17/11/24 – 19/11/24
It was cold and dark when we left the Citybox Hotel in Helsinki, but with our stomachs lined with donuts and coffee, we made our way on the tram to the West Terminal harbour, to take the ferry across the Baltic Sea to the Estonian capital, Tallinn. A few companies operate this route, all utilising large cruiseferries – if you’ve taken the InterIslander ferry in New Zealand, you’ll get a sense of what I’m talking about! We were travelling on Eckerö Line, on the M/S Finlandia, for the 2.5 hour journey to Tallinn – a comfortable ship with a few bars and cafes, a supermarket, and a duty free store. Apparently there are a lot of Finns who take the ferry to Tallinn to take advantage of Estonia’s lower alcohol taxes in particular!

The sundeck on the M/S Finlandia – bitterly cold in November!
I must admit, I felt pretty seasick on the ferry – the Baltic Sea was incredibly choppy, and even the enormous ferry was not immune. I walked to the duty free market at the front of the ship and felt almost momentary weightlessness as the ferry crested each wave. Definitely weather-induced, and not typical, as there were local passengers who also looked quite green!
At 11:15am, we finally pulled into the Port of Tallinn, and began the 15 minute walk to our accommodation, located in Ilmarine – just outside the Old Town.


Disembarking the ferry, and walking to the accommodation in Ilmarine – luckily, there was a break in the rain!
After checking in and putting our bags down, we headed out into the Old Town of Tallinn. This has to be one of the best preserved medieval-era old towns I have ever seen – it was almost like something out of a Disney movie!
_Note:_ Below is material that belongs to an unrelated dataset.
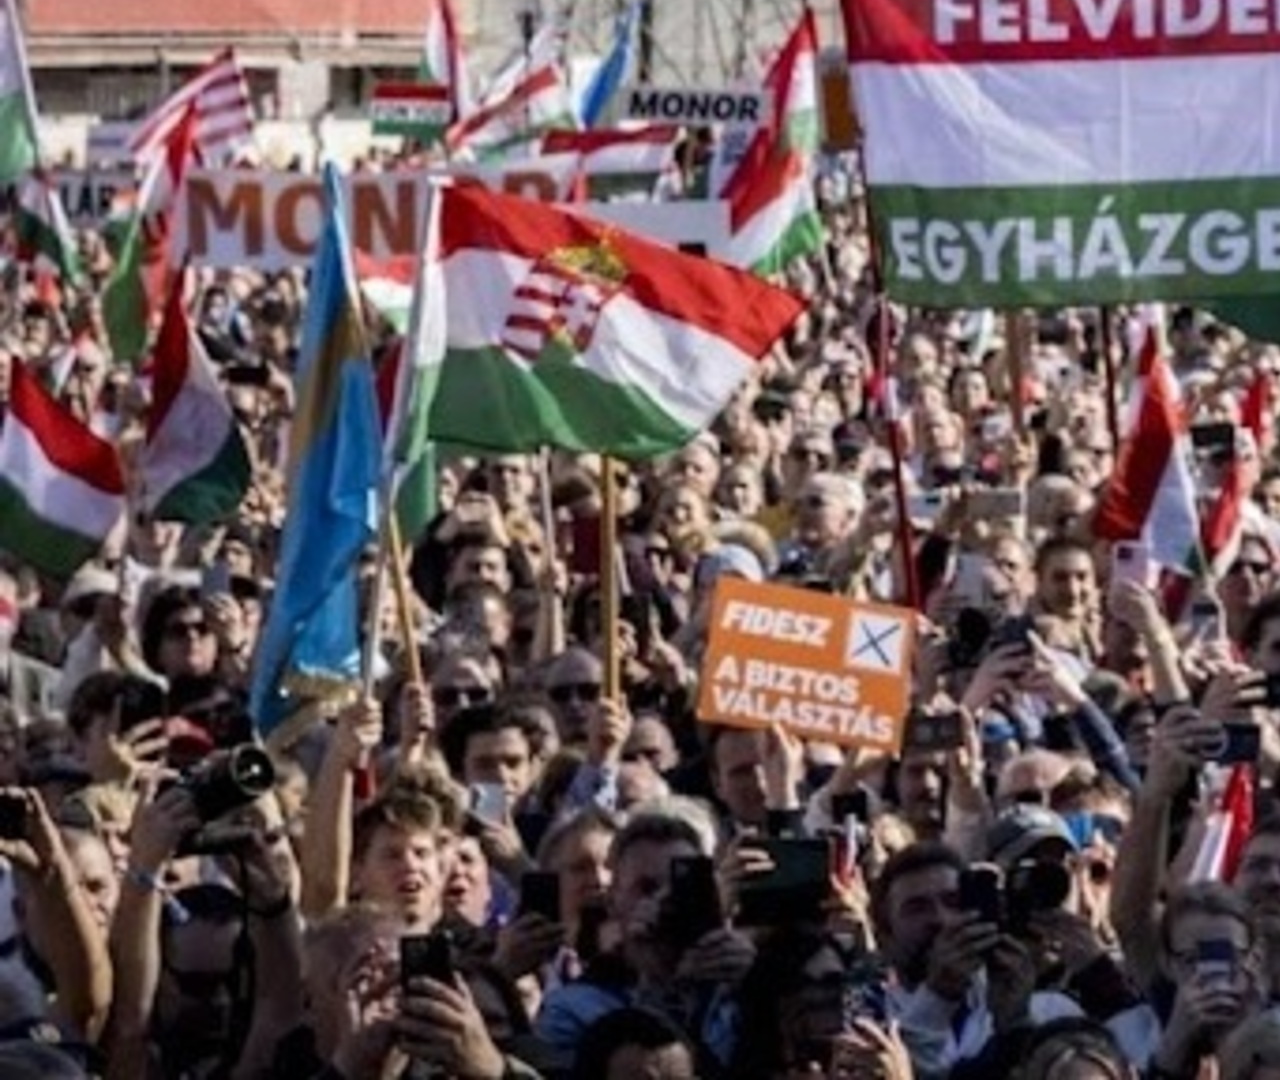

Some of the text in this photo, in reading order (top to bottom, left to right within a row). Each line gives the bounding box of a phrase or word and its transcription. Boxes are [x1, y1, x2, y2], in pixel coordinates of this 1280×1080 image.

Different streets around Vanalinn – Tallinn’s Old Town
You could spend hours wandering the streets of the Old Town, which is exactly what we spent the afternoon doing. There are some definite highlights, including the Orthodox Cathedral (complete with those magnificent onion domes), the very creepy statues of the Monks, a coffeeshop with freshly baked cinnamon scrolls, and the raft of embassies and diplomatic compounds located in the area – including the Russian Ambassador’s residence, complete with pro-Ukrainian protest banners and a police presence.








Pro-Ukrainian sentiment was high in this former Soviet republic
After a bite to eat at the Baaltijaam Markets (located next to Tallinn’s railway station), we headed back to the Old Town for a quick look around at night – as you’d expect, everything was beautifully illuminated, and in spite of the weather (it was raining again), it definitely had a real charm to it! The Monks, however, were even creepier at night – they reminded me of the Weeping Angels from Doctor Who!



Tallinn at night
The next morning, after a hearty breakfast, we made our way out into the city for another day of exploration. We took a route through the Old Town, out into a large square complete with a large Ukrainian flag displayed proudly next to the Estonian one on a nearby building – the Estonians are very pro-Ukraine (any wonder why!).

A building in Tallinn’s city centre adorned with a joint Ukrainian/Estonian flag
Our first stop of the day was the Viru Hotel – once an Intourist Hotel catering to the Soviet Union’s foreign ‘capitalist’ visitors, and unsurprisingly the home of a KGB base. We took a tour of the hotel’s secret 23rd floor, used by the KGB to spy on those within the hotel – the guide, Pasha, was very funny with his deadpan delivery, and we certainly thought it was well worth the visit! The hotel’s top floor also gave out fantastic views of the city – banned during the Soviet era because you could see the city centre and the port!

The view from Viru Hotel’s secret 23rd floor
After finishing up at Viru Hotel, we walked back towards the Old Town in a circuitous route, taking us through some of Tallinn’s newer city developments – it’s always fascinating to see how cities manage to blend the old and the new!


Medieval Tallinn vs. Soviet Tallinn (with Modern Tallinn in the background)
That afternoon, we strolled through the Telliskivi District, Tallinn’s hipster area located just past the railway station. Similarly to Helsinki, it was incredibly quiet, but it was still interesting to look at the factories and industrial buildings that had been converted into coffeeshops, bars, and restaurants – always a great use of post-industrial spaces.


Some of the buildings in Telliskivi. On the right is F-Hoone, a bar/restaurant that we ended up eating at on Monday night!
With our time in Tallinn coming to an end, we walked through the Old Town at night one last time – before it began to rain again! One of the government buildings on the hill was lit up brightly in, you guessed it, the colours of the Ukrainian flag! Tallinn was definitely worth the visit – its well-preserved Old Town is certainly a highlight, and I’m glad was able to see it! I can only imagine that in a few weeks time, when it is blanketed in snow and the Christmas markets begin, it will look even more fairytale-esque!